The Omaha Planning Board has unanimously approved land use for the Newman Center and the City Council is scheduled to vote on the plan in April.
The $1.8 million purchase in January of 3.5 acres near the university's Aksarben campus comes after years of serving Catholic students without a permanent base for the Omaha Archdiocese's campus ministry programs at the university, said Fr. Joseph Taphorn, moderator of the curia, judicial vicar and vicar for clergy.
Over the past seven years, those efforts have received a boost from college missionaries working on campus with Colorado-based Fellowship of Catholic University Students, Taphorn said.
Working together, the ministries have attracted a growing number of students to Bible studies on campus, Masses at St. Margaret Mary Church, mission trips and retreats, he said. The archdiocese also has strengthened its campus ministry program at Wayne State College in Wayne with the addition of FOCUS missionaries. FOCUS has been at the College of St. Mary in Omaha for several years.

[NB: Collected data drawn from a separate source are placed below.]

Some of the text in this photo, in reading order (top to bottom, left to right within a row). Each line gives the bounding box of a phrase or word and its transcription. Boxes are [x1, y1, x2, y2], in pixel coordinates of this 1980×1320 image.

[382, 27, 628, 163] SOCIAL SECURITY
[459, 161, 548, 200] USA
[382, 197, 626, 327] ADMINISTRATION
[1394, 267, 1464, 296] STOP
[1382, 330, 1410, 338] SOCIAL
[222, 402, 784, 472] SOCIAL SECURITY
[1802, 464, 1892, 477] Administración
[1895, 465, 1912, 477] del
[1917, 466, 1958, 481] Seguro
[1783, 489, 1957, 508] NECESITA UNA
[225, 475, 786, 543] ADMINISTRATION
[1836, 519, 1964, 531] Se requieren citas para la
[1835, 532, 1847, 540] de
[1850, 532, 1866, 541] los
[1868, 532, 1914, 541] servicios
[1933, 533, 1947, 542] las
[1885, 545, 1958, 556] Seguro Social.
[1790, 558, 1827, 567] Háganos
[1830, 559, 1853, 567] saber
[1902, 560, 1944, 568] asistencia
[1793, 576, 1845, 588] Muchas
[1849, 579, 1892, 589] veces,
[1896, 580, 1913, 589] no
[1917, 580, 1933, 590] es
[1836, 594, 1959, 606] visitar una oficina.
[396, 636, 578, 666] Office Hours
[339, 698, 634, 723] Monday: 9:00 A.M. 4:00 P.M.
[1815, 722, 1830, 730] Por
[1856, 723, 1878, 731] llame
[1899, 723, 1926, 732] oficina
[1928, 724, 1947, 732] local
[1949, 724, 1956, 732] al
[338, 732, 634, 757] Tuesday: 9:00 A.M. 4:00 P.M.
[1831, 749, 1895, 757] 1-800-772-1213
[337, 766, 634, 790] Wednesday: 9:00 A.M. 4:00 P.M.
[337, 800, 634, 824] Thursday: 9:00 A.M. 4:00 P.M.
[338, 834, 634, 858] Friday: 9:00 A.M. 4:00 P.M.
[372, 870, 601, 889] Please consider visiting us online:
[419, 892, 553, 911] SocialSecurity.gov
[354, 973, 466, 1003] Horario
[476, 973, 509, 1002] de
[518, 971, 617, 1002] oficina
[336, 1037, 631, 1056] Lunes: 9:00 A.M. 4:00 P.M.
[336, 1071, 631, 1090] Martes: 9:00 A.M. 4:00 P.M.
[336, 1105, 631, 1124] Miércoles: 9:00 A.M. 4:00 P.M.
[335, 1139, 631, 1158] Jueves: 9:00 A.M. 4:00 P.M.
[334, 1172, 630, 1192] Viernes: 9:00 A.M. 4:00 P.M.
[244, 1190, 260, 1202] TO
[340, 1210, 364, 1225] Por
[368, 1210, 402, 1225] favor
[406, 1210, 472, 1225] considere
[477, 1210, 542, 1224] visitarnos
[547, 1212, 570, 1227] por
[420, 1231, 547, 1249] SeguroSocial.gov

"There is a whole new dynamism and level of involvement," Taphorn told the Catholic Voice, Omaha's archdiocesan newspaper. "There's been steady growth, and now there is a complementary need for physical space."
Fr. Paul Hoesing, archdiocesan vocations director, said the Newman Center would give college students a home, and a spiritually enriching living environment, he said.
The effort is a strong expression of the archdiocese investing in the welfare of higher education students -- including encouraging vocations to the priesthood, religious life and Christian marriage, which have been enhanced by Newman Centers at the University of Nebraska-Lincoln and other colleges and universities across the country, Hoesing said.
"Because Newman Centers propose a life of virtue and holiness at secular universities, young people consistently receive formation for Christian marriage and new freedom to consider a vocation to the priesthood and consecrated life," he said.
The Newman Center proposal is "a bricks and mortar expression of the archdiocese's desire to see our young people flourish," he said.
Discussion about a Newman Center -- to be called the St. John Paul II Newman Center after the late pope, who will be canonized in April -- has taken place in the archdiocese periodically over the last six or seven years, and about two years ago an eight-member feasibility committee -- including experts in business, finance and real estate -- was formed, Taphorn said.
In a Feb. 4 letter to Omaha Archbishop George J. Lucas, Chancellor John Christensen of the University of Nebraska at Omaha said he supports construction of a Catholic Newman Center with a housing component, in part because the university needs more housing as it increases enrollment from 15,000 students now to a goal of 20,000 by 2020.
"There are many Catholics in the Omaha area and we see this as an incentive to those students and their parents to experience all that UNO has to offer," Christensen said.
The university also is concerned about students' spiritual well-being, and the project will help them explore "this aspect of their lives -- finding a connection to their God, nature and others," he said.
Tentative site plans include a four-story building for 164 residents in 41 apartments, a commons area attached to a chapel for use by the residents as well as commuter students, and a rectory, with the entire unit grouped around a prayer garden and courtyard.
The land was purchased with money raised from the sale of undeveloped real estate, Taphorn said.
Using this year to help plan the next step, the archdiocese is looking at several ways to pay for the construction, which under current plans could cost about $13 million. One avenue might be a model that has worked at other campuses, in which the majority of funds come from student rent payments supplemented by private fundraising, he said.
"We're responding to a need," Taphorn said of the growing campus ministry. "And we want to invest in a facility and programming that will help strengthen students' faith lives as well as create a fun and supportive atmosphere during these critical young adult years."
[Joe Ruff is news editor of the Catholic Voice, newspaper of the Omaha Archdiocese.]